Kortext is acquiring Blackell’s e-learning business and together Kortext and Blackwell’s will deliver

digital learning content solutions to Blackwell’s university and student customers across the UK.

Kortext claims to be the

clear leader in supplying digital learning solutions, content and eTextbooks to UK universities,

and to be seeing

significant global adoption serving millions of students at colleges and universities across the globe.

Meanwhile Blackwell’s, in the same press release announcing the new partnership, states,

…sales have increased 30% on last year. With sales within shops and online both increasing significantly. We are the fastest growing bookseller in the UK.

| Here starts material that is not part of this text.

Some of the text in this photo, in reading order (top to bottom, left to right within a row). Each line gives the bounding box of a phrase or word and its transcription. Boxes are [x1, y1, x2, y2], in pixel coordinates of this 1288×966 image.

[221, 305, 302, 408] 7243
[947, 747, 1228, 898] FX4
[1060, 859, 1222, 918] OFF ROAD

Although Blackwell’s purports to be a “specialist and academic” bookseller it also offers a fair range of fiction, and the online store leads with Harry Potter and the Cursed Child.
A quick glance at my own paperbacks on Blackwell’s shows them to be more than double the price I set at CreateSpace, and none of them have covers. And my books are not the only titles without covers in the online store.
Given the target audience for Blackwell’s is cash-stricken British university students with heavy debt burdens I somehow can’t see myself raking in many sales from Blackwell’s this Christmas. Or at any other time.
And that’s a shame quite apart from my not making any sales myself. As an author committed to a healthy and diverse book market I try ensure my titles are available widely to support “smaller” booksellers. But that seems a waste of time in this instance.